Skip the pictures and repeat each line of the data exactly.
• • •
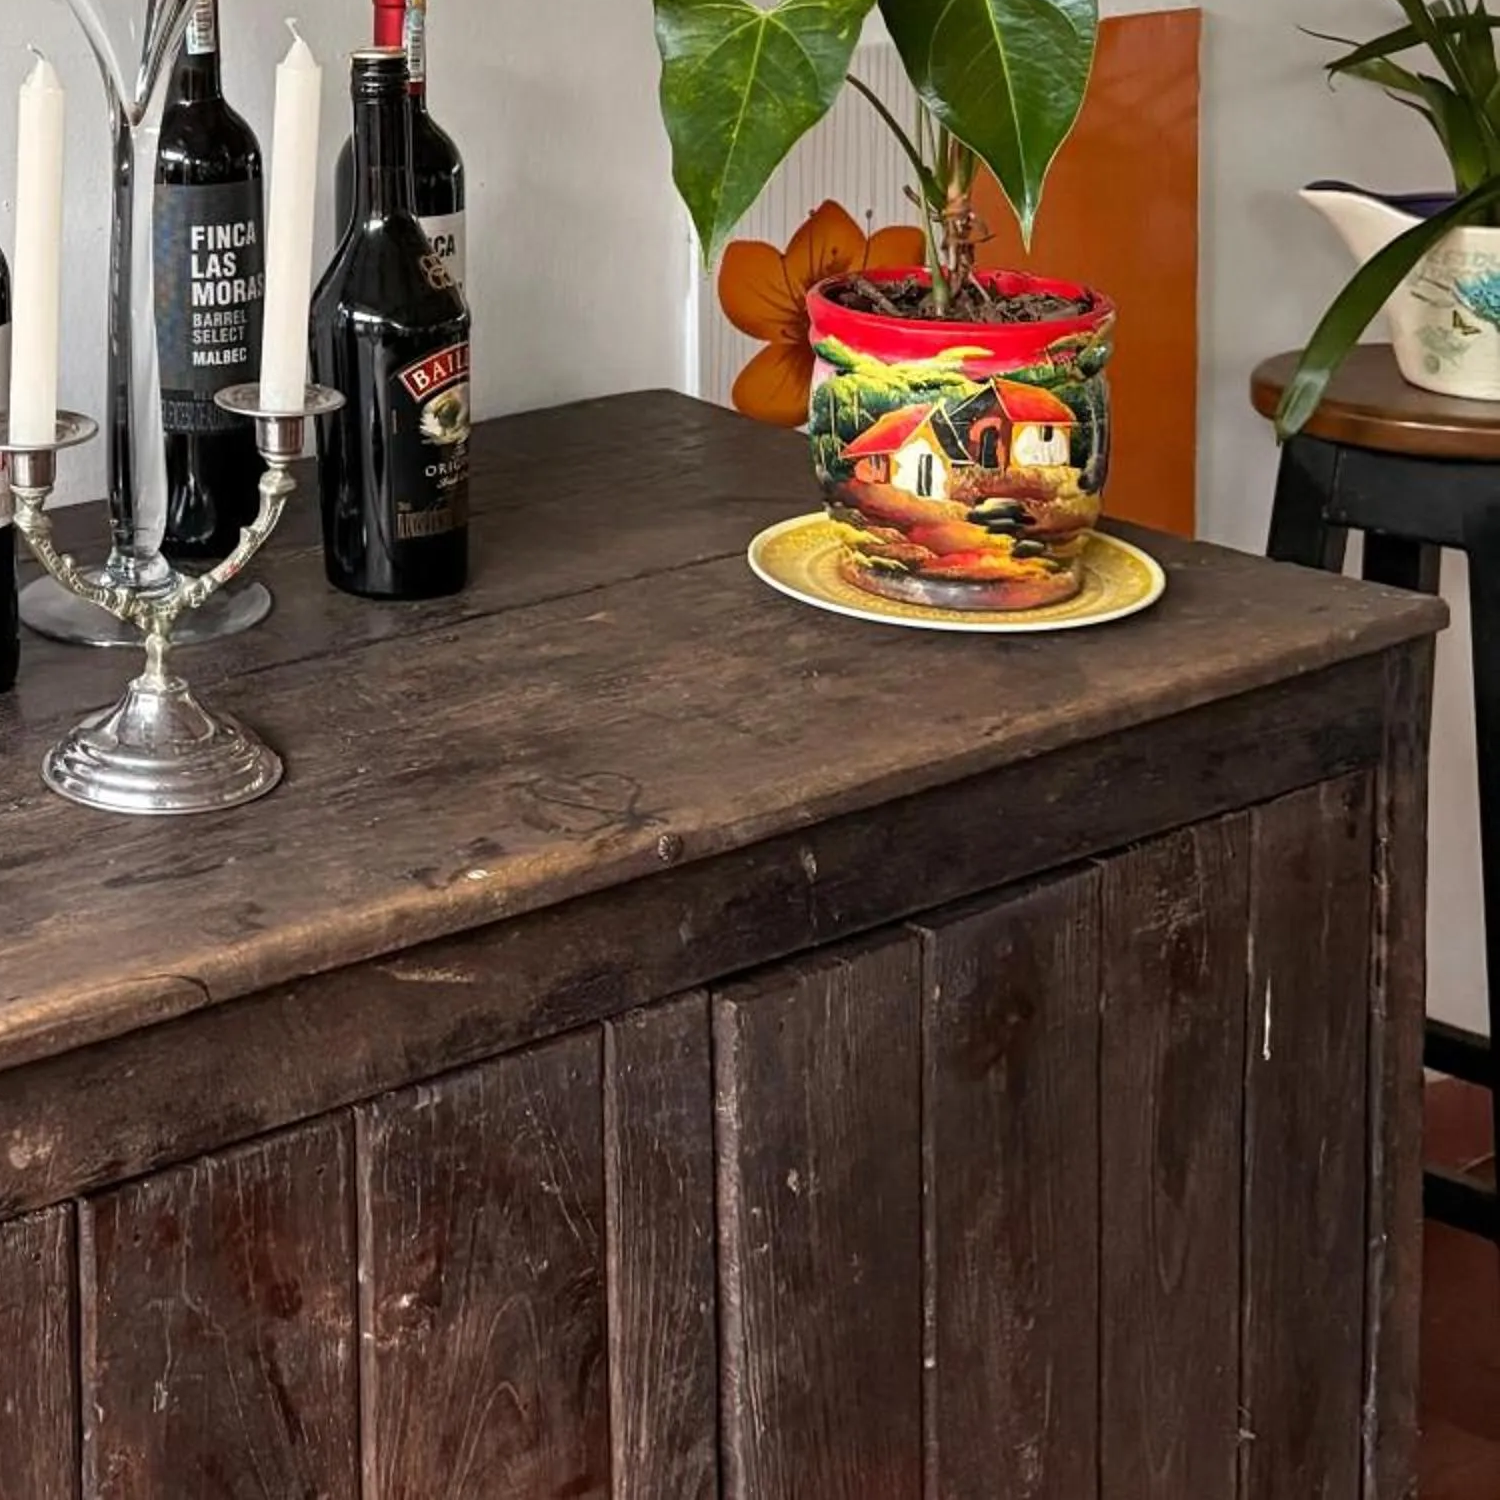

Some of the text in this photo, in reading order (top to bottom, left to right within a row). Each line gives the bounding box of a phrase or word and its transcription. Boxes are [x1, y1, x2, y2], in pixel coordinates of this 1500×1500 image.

[190, 220, 257, 251] FINCA
[190, 251, 237, 279] LAS
[192, 309, 248, 329] BARREL
[192, 325, 246, 345] SELECT
[192, 347, 248, 367] MALBEC
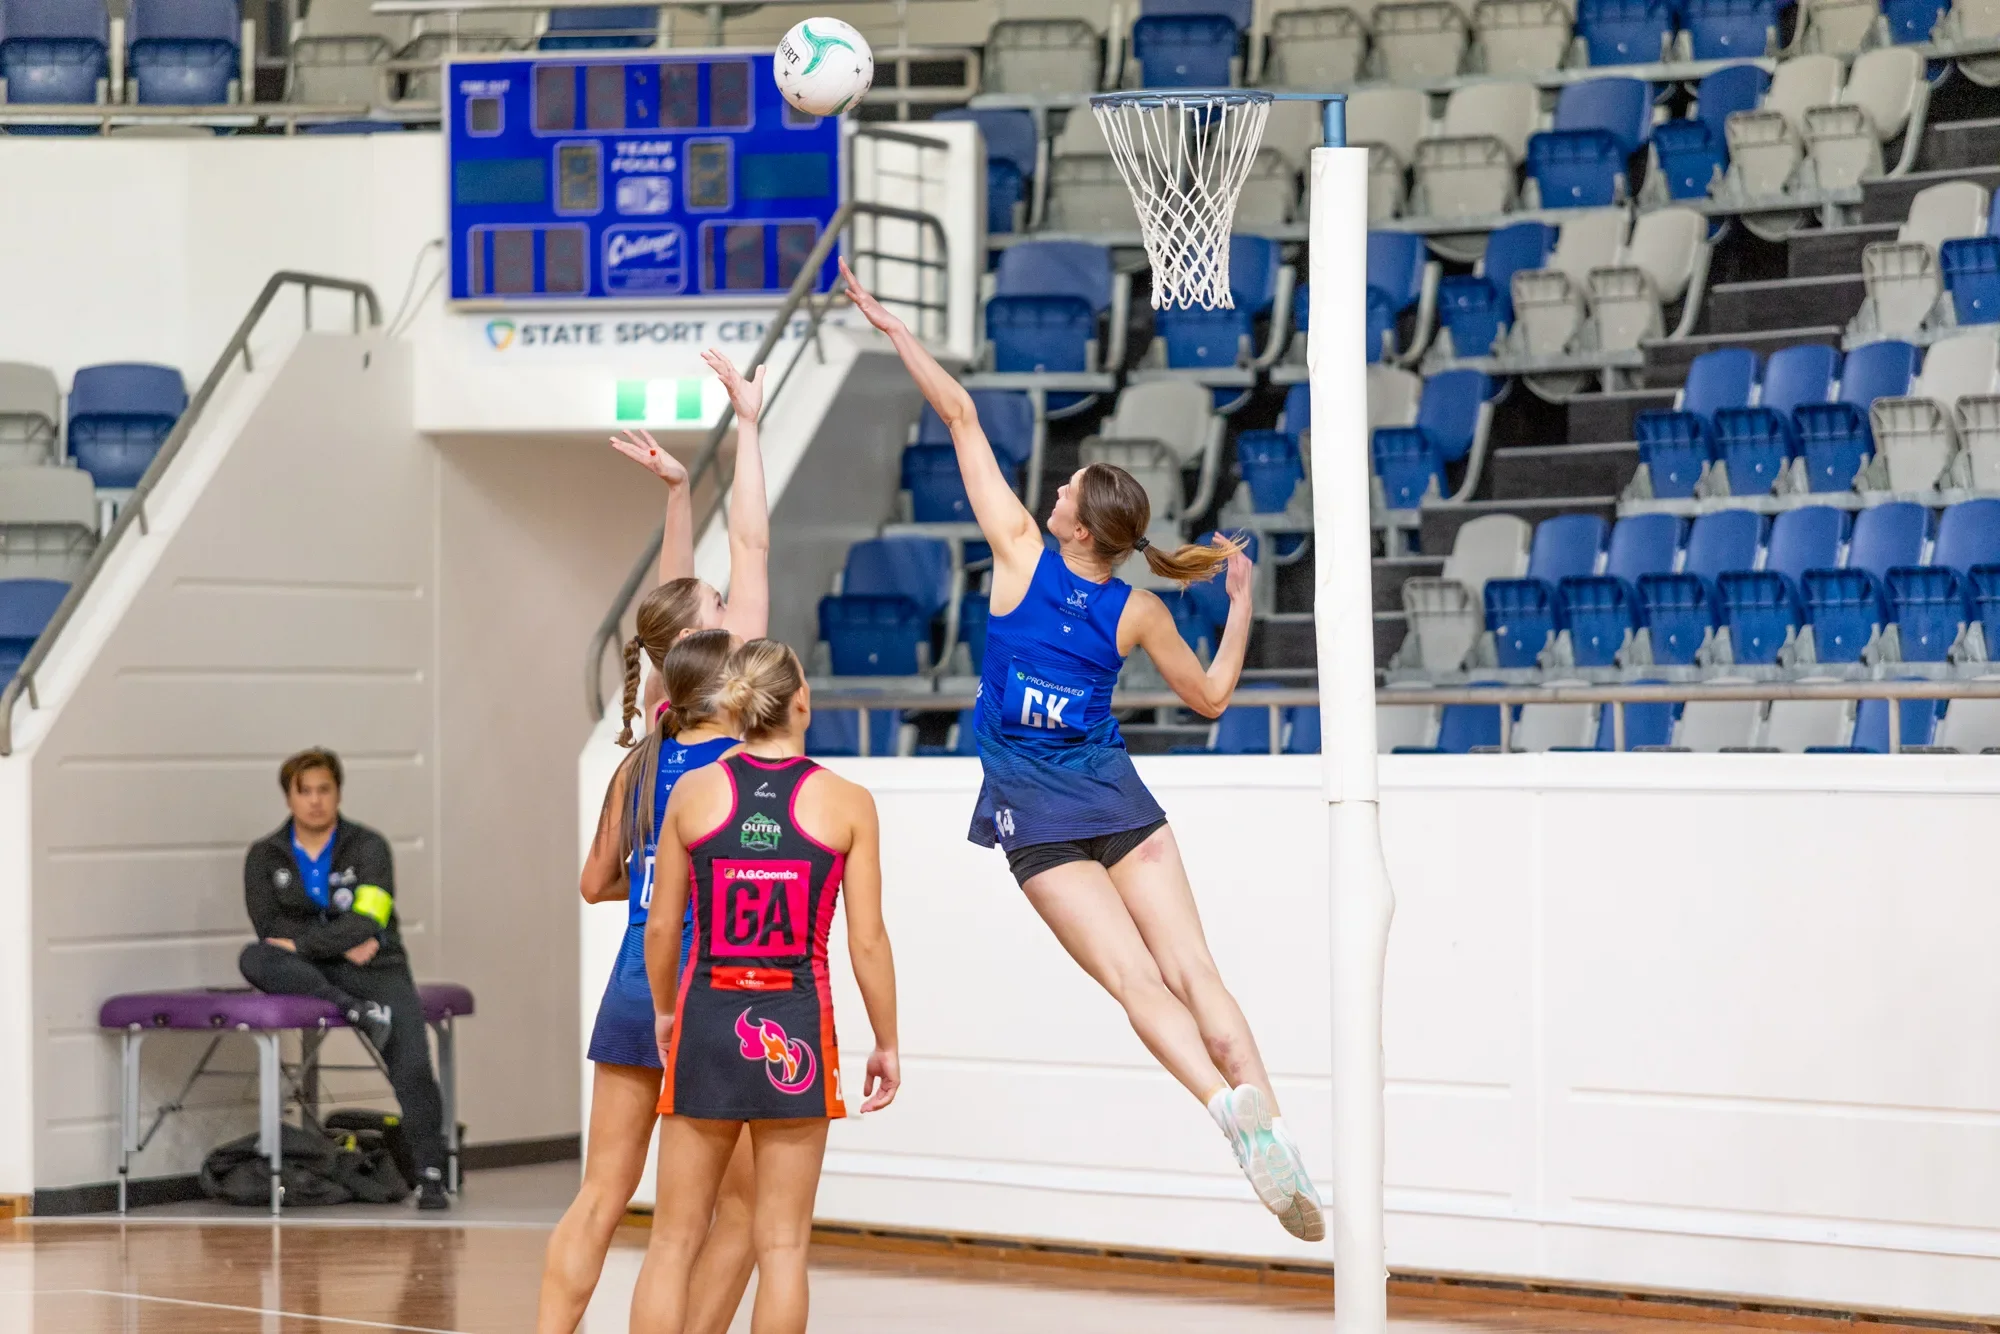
• • •
RESPONSE BELOW:
Some of the text in this photo, in reading order (top to bottom, left to right within a row). Each line gives the bounding box of a phrase or word and its transcription. Boxes are [x1, y1, x2, y2], in pixel coordinates of this 1500×1500 image.

[190, 220, 257, 251] FINCA
[190, 251, 237, 279] LAS
[192, 309, 248, 329] BARREL
[192, 325, 246, 345] SELECT
[192, 347, 248, 367] MALBEC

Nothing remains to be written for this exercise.